_Work instructions:_ Please reproduce the listing below exactly, leaving out every picture.
⁂
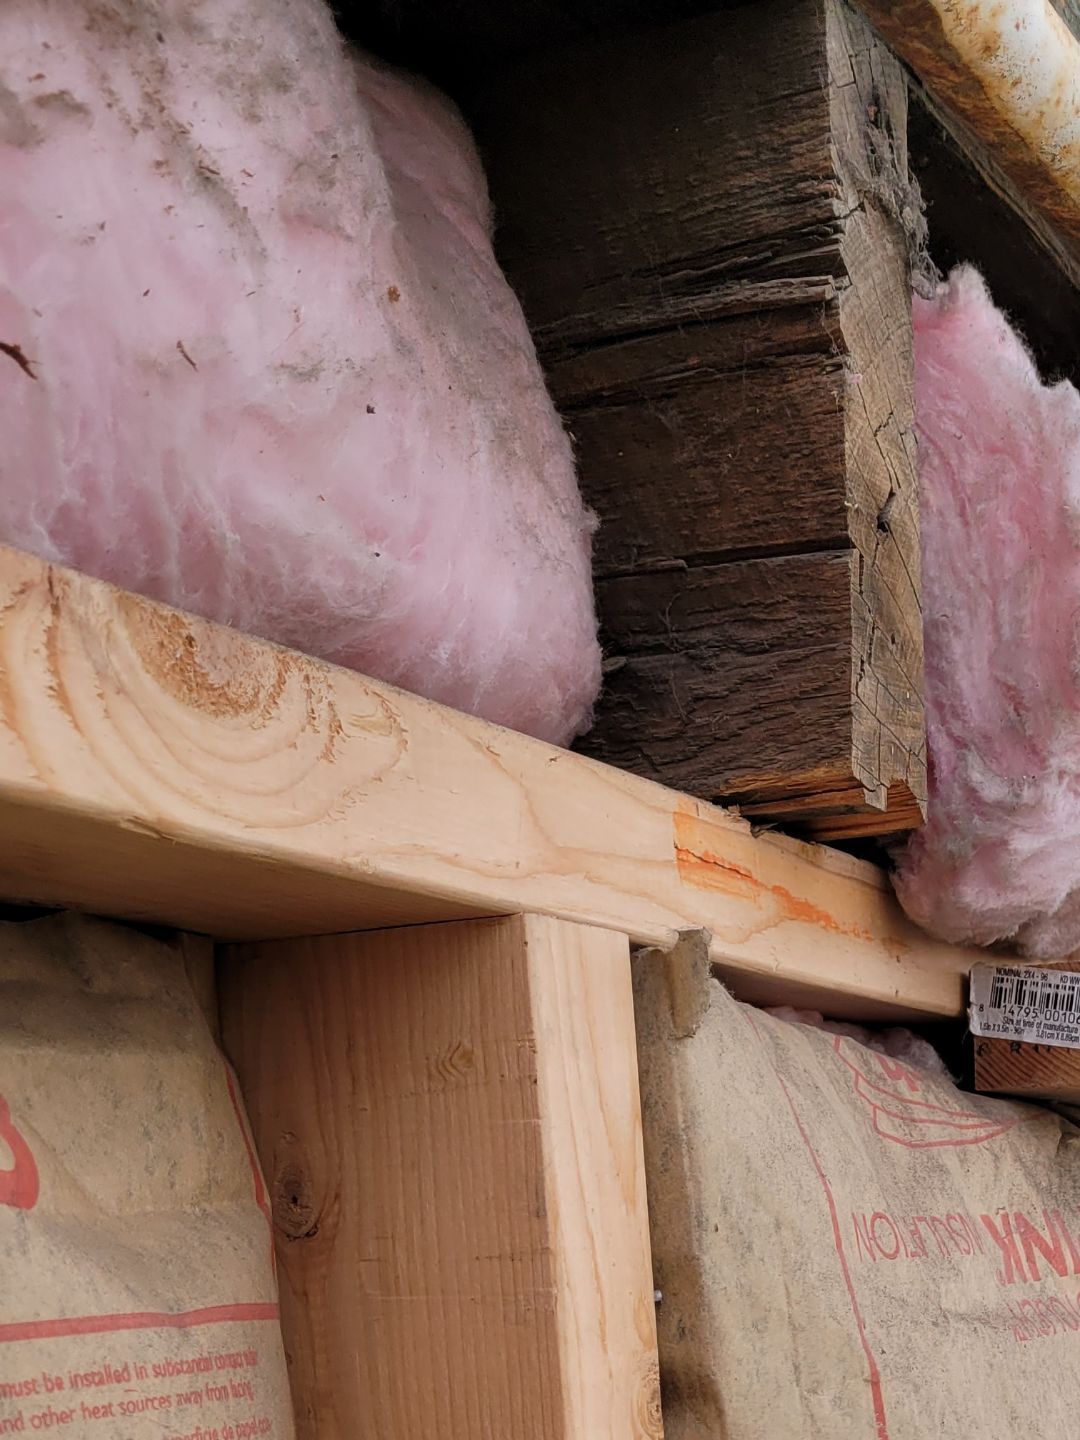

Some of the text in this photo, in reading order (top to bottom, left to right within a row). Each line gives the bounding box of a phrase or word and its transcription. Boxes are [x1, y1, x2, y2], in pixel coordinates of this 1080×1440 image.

[995, 967, 1021, 977] NOMINAL
[1023, 970, 1035, 979] 2X4
[1040, 972, 1049, 981] 96
[978, 1003, 985, 1012] 8
[1002, 1004, 1038, 1019] 14795
[1043, 1022, 1079, 1033] manufacture
[0, 1378, 40, 1398] must
[42, 1371, 65, 1393] be
[68, 1361, 131, 1389] installed
[133, 1361, 149, 1381] in
[0, 1409, 25, 1434] nd
[31, 1405, 76, 1429] other
[81, 1400, 116, 1421] heat
[117, 1394, 172, 1416] sources
[176, 1390, 203, 1408] away
[205, 1382, 229, 1401] from
⁂
_Task output:_
Some of the text in this photo, in reading order (top to bottom, left to right within a row). Each line gives the bounding box of a phrase or word and its transcription. Boxes are [x1, y1, x2, y2], in pixel coordinates of this 1080×1440 image.

[995, 967, 1021, 977] NOMINAL
[1023, 970, 1035, 979] 2X4
[1040, 972, 1049, 981] 96
[978, 1003, 985, 1012] 8
[1002, 1004, 1038, 1019] 14795
[1043, 1022, 1079, 1033] manufacture
[0, 1378, 40, 1398] must
[42, 1371, 65, 1393] be
[68, 1361, 131, 1389] installed
[133, 1361, 149, 1381] in
[0, 1409, 25, 1434] nd
[31, 1405, 76, 1429] other
[81, 1400, 116, 1421] heat
[117, 1394, 172, 1416] sources
[176, 1390, 203, 1408] away
[205, 1382, 229, 1401] from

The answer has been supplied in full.